Adding Personal Touches
Adding personal touches to a headstone can help make it a meaningful and unique tribute to your loved one. It is important to take the time to consider the best way to reflect on the life of your loved one who has passed on. A typical headstone has relations, such as "beloved husband, father, and friend," or an epitaph such as "In loving memory". These elements can add a personal touch to the headstone and capture the essence of your loved one. It is important to remember that personal preference should guide the design process. Some people choose to include religious ties, military service, occupation, family, and relations. Adding a nickname is also a common practice. Taking the time to reflect and consult with others who were part of your loved one's life can help you create a design that truly reflects their life and legacy.
Placing the Order
Once you have decided on the design, color, and personal touches for your loved one's headstone, the next step is to place your order. After the order is placed, the process of cemetery approval starts. This process can take several weeks, as it is important to ensure that the headstone complies with all cemetery regulations. Once the cemetery approves the headstone, stone production can begin, and any necessary concrete foundation work can start. This process takes some time to set, and the foundation typically reaches its full effective strength after about 28 days.

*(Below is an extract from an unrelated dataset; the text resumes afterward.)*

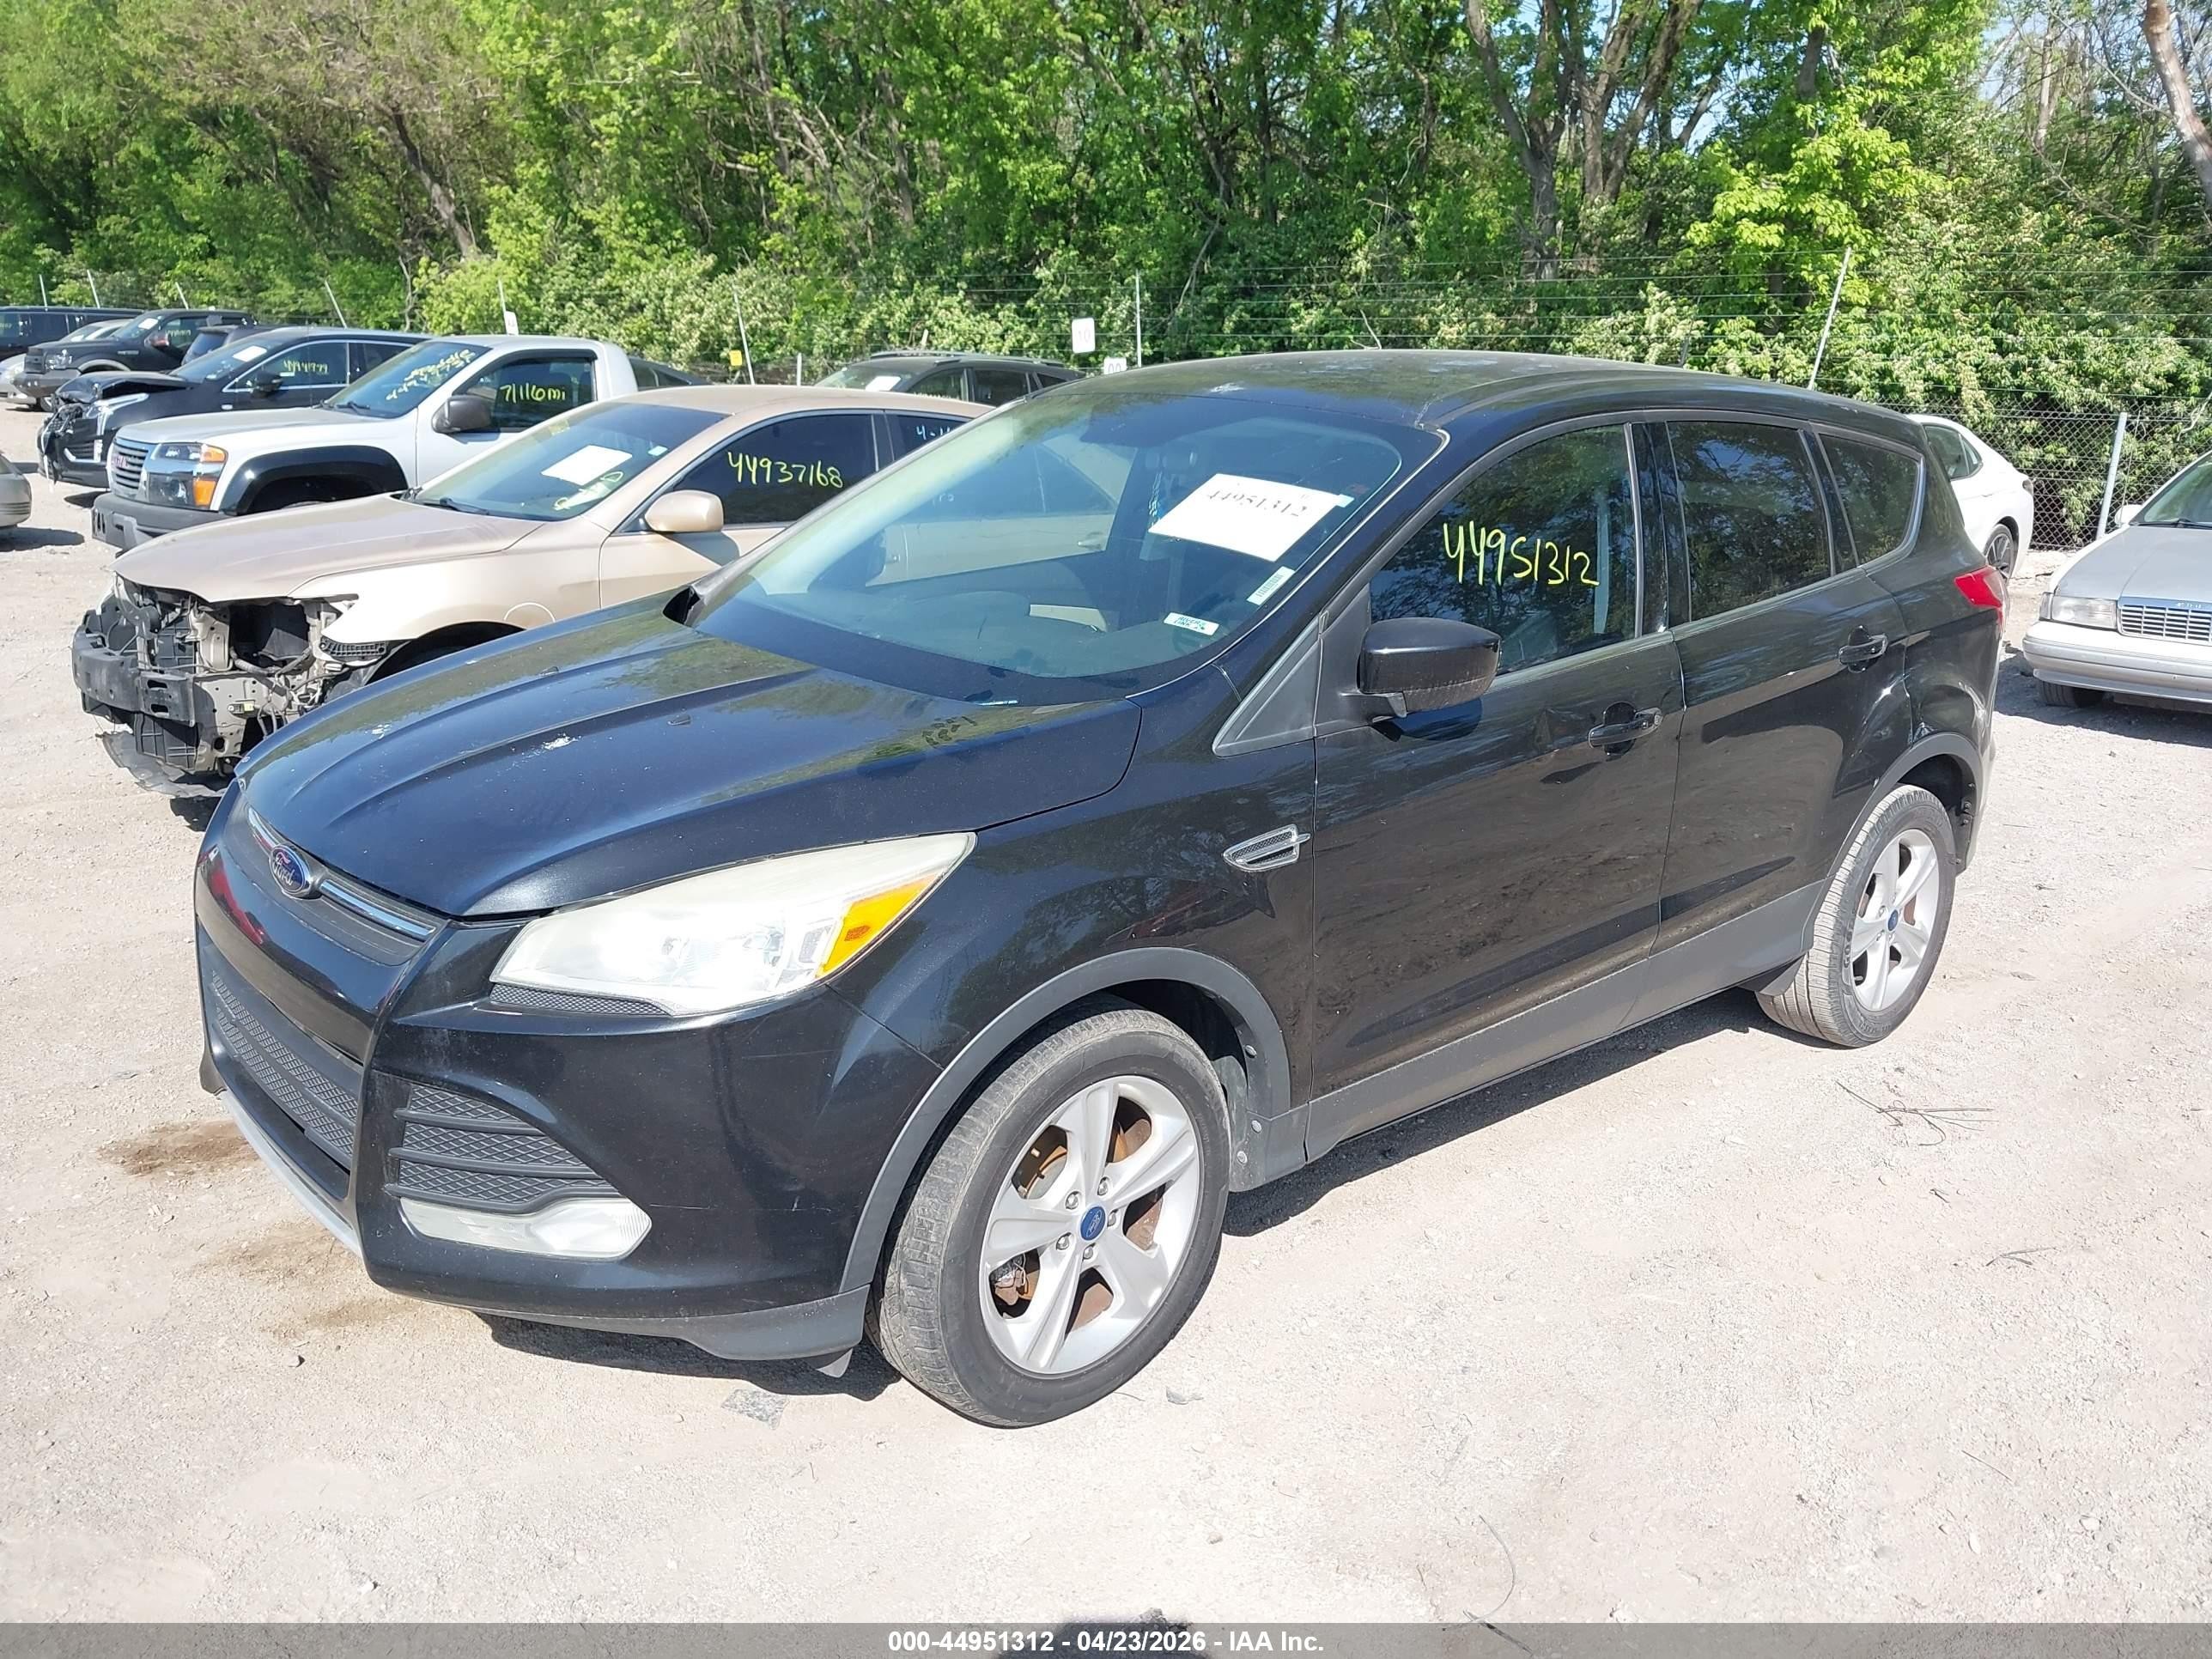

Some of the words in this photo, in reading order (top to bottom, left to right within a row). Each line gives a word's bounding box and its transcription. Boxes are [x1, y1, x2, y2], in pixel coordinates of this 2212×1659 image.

After the product and foundation are complete, the headstone can be set at the gravesite location. This is typically done in the presence of family members and can have a festive and reflective atmosphere.
It is important to remember that this is a slow process, and patience is necessary for the order to be complete. In conclusion, selecting a headstone is an important decision that should be guided by personal preference and a desire to create a lasting tribute to your loved one. By understanding cemetery regulations, selecting the right granite color and design, and adding personal touches, you can create a headstone that is both beautiful and meaningful.